Bir de; ''insana bağımlı asalaklar'' nitelemesi çok doğru tabii, onu unutmuşum. Hayvanî içgüdülerini baskılarsan ortaya çıkan tür ne kadar aslıyla bağlantılı, elbette onu da düşünmek gerek... Kökü çoook derinlerde olan bir sorun bu, ortak yaşama alanlarını daralta daralta doğal yollarla varlıklarını sürdürme imkânının önüne ciddî set çekilmiş oluyor zaten. Yiyecek ve barınma olanağı giderek azalıyor. Nüfus da buna bağlantılı olarak artıyor aslında. Çünkü şu ya da bu şekilde doğal olanı baskılamak (öldürmek, yok etmek, uzaklara atmak, trafikte ezilenler, zehirlenenler vs.) hayvanî bilinç üzerinde TEHLİKE algısı oluşturuyor, soyun devamı adına TEHLİKE algıladıklarından daha da fazla ürüyorlar, üç doğuran beş doğurmaya başlıyor. Kısmen yiyecek var, besleniyorlar ama bu kadar çoğalmayı kaldıracak alan, imkân, sağlık desteği vb.yok, fasit daire kuralı acımasızca işliyor yani. Aşılama ve kısırlaştırma bu nedenle ŞART. Mamaya, yiyeceğe ayrılan bütçeye ve merhamete çok saygılıyım, ancak sadece bununla kalırsa gözü akan, yaraları açık, ağzı-burnu tıkalı, pireli ve çok hasta bir hayvan güruhunun ortaya çıkmasına ve toplam ACIya sebep oluyorsun. Bu da ne insanın, ne hayvanın yararına değil. Hatırlattığın için tekrar teşekkür ederim.

Berceste dedi ki...

Teyze icin gec sanirim Handan :( Yalniz bir insan ve bir nevi hastalik onunki. Simdi site yonetimi onu oradan cikartmanin yolunu ariyor. Kendi evi ikinci kattaymis ve kedilerle, komsularla basi dertteymis diye gelmis. Simdi evine donerse, belki daha az kedi beslemek zorunda kalir. Bu ona iyi gelir mi bilmiyorum ama bize gelecek! Zira kedi idrari kokusundan evinin etrafina yaklasilmiyor :( Ureme konusunda haklisin ama bunu kim yapacak? :((( Belediyeler artik kopekleri de toplamiyor. Kulagi kupeli sirin sirin geziniyorlar diyordum ki, gecenlerde gecenin hortlaginda bizim kupeliler suru halinde yoldan gecen birisine saldirmislar. O ben de olabilirdim :((( Bilmiyorum, biz onlarin dogal alanlarini isgal etmisiz, onlar da bizim. Orta yolu bulmak lazim. Az once bahce ile ilgili bir yazi okudum. Bilmemkac bin kedi varmis Ingiltere'de. Evde beslenen. Dogal hayati yok ediyorlarmis. Bahceye gelen kurbagalari, bocekleri vs avliyorlarmis. Gece evde tutulurlarsa zarar oranlari dusermis vs vs... Dedim kendi kendime, onlarin dusundugune baaak, bizimkine bak :) Sevgiyle...

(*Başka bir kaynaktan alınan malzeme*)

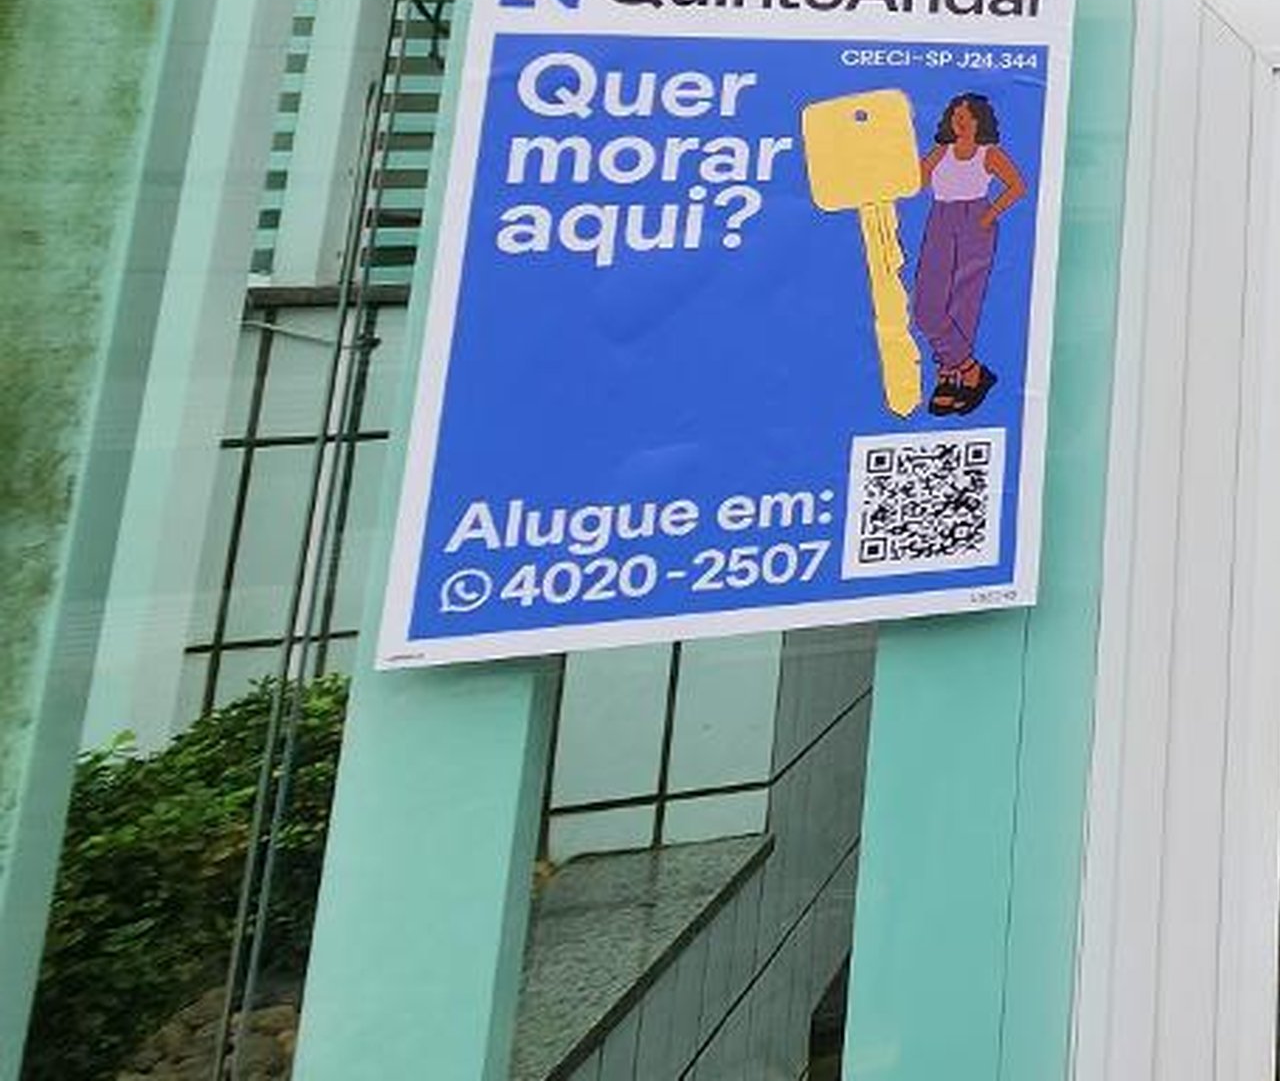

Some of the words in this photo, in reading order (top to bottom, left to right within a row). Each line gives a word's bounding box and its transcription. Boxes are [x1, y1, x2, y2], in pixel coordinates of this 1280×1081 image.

[517, 51, 757, 119] Quer
[841, 49, 952, 67] CRECI-SP
[956, 52, 1038, 69] J24.344
[505, 131, 792, 184] morar
[496, 185, 761, 267] aqui?
[444, 497, 699, 556] Alugue
[716, 486, 834, 531] em:

Handan Demiralp dedi ki...

Yaradılmışların varoluş sebepleri ve varlık dengeleri üzerinde düşünmek gerek sanırım. Doğanın özgün hali içinde hiçbir fazlalık ya da eksiklik yok çünkü, temel bir denge kuralı işliyor. Bu noktada; kent yönetimleri ve başka ilgili birimlerin çağdaş ve insancıl uygulamalara geçmesi şarttır. Sokak hayvanlarının populasyonu çoğaldıkça toplam sorunlar da artıyor elbette. Teyze için üzüldüm, onun da bu seçiminde sebepler olmalı ama başedemiyor anlaşılan:( Gücü ve kontrolü nisbetinde kalabilseydi keşke. İngiltere örneği ise manidar, orada da denge kaymış demek ki. Ne denir? Hayırlısı, tüm varlıklar için... Sevgimle...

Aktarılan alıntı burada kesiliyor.